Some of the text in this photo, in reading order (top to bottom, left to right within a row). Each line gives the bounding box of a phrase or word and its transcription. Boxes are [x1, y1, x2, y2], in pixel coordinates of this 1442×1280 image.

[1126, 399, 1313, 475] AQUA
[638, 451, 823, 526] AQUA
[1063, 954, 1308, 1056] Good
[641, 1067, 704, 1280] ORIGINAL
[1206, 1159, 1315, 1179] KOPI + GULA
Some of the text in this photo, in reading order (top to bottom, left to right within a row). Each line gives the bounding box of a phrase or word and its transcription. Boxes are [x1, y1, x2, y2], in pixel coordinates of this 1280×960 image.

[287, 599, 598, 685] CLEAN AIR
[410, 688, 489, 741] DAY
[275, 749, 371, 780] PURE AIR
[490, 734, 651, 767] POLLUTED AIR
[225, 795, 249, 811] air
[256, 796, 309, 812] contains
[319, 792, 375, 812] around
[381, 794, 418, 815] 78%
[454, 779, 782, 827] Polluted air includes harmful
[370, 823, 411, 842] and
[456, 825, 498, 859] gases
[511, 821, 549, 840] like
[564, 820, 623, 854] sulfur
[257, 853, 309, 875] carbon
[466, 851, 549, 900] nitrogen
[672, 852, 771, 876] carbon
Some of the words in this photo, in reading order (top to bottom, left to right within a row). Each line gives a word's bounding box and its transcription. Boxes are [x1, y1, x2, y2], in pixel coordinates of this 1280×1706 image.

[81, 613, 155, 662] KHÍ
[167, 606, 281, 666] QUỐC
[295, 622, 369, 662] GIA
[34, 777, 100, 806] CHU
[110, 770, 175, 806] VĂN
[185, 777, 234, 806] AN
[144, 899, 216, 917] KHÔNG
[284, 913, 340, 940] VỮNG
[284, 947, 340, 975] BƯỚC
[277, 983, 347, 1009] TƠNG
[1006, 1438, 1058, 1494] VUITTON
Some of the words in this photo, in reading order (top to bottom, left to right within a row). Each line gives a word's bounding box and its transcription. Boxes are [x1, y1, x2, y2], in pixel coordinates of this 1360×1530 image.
::::::
Please output every record exactly as it appears.

▸ **WRITTEN SOLUTION**:
Some of the text in this photo, in reading order (top to bottom, left to right within a row). Each line gives the bounding box of a phrase or word and its transcription. Boxes are [x1, y1, x2, y2], in pixel coordinates of this 1442×1280 image.

[1126, 399, 1313, 475] AQUA
[638, 451, 823, 526] AQUA
[1063, 954, 1308, 1056] Good
[641, 1067, 704, 1280] ORIGINAL
[1206, 1159, 1315, 1179] KOPI + GULA
Some of the text in this photo, in reading order (top to bottom, left to right within a row). Each line gives the bounding box of a phrase or word and its transcription. Boxes are [x1, y1, x2, y2], in pixel coordinates of this 1280×960 image.

[287, 599, 598, 685] CLEAN AIR
[410, 688, 489, 741] DAY
[275, 749, 371, 780] PURE AIR
[490, 734, 651, 767] POLLUTED AIR
[225, 795, 249, 811] air
[256, 796, 309, 812] contains
[319, 792, 375, 812] around
[381, 794, 418, 815] 78%
[454, 779, 782, 827] Polluted air includes harmful
[370, 823, 411, 842] and
[456, 825, 498, 859] gases
[511, 821, 549, 840] like
[564, 820, 623, 854] sulfur
[257, 853, 309, 875] carbon
[466, 851, 549, 900] nitrogen
[672, 852, 771, 876] carbon
Some of the words in this photo, in reading order (top to bottom, left to right within a row). Each line gives a word's bounding box and its transcription. Boxes are [x1, y1, x2, y2], in pixel coordinates of this 1280×1706 image.

[81, 613, 155, 662] KHÍ
[167, 606, 281, 666] QUỐC
[295, 622, 369, 662] GIA
[34, 777, 100, 806] CHU
[110, 770, 175, 806] VĂN
[185, 777, 234, 806] AN
[144, 899, 216, 917] KHÔNG
[284, 913, 340, 940] VỮNG
[284, 947, 340, 975] BƯỚC
[277, 983, 347, 1009] TƠNG
[1006, 1438, 1058, 1494] VUITTON
Some of the words in this photo, in reading order (top to bottom, left to right within a row). Each line gives a word's bounding box and its transcription. Boxes are [x1, y1, x2, y2], in pixel coordinates of this 1360×1530 image.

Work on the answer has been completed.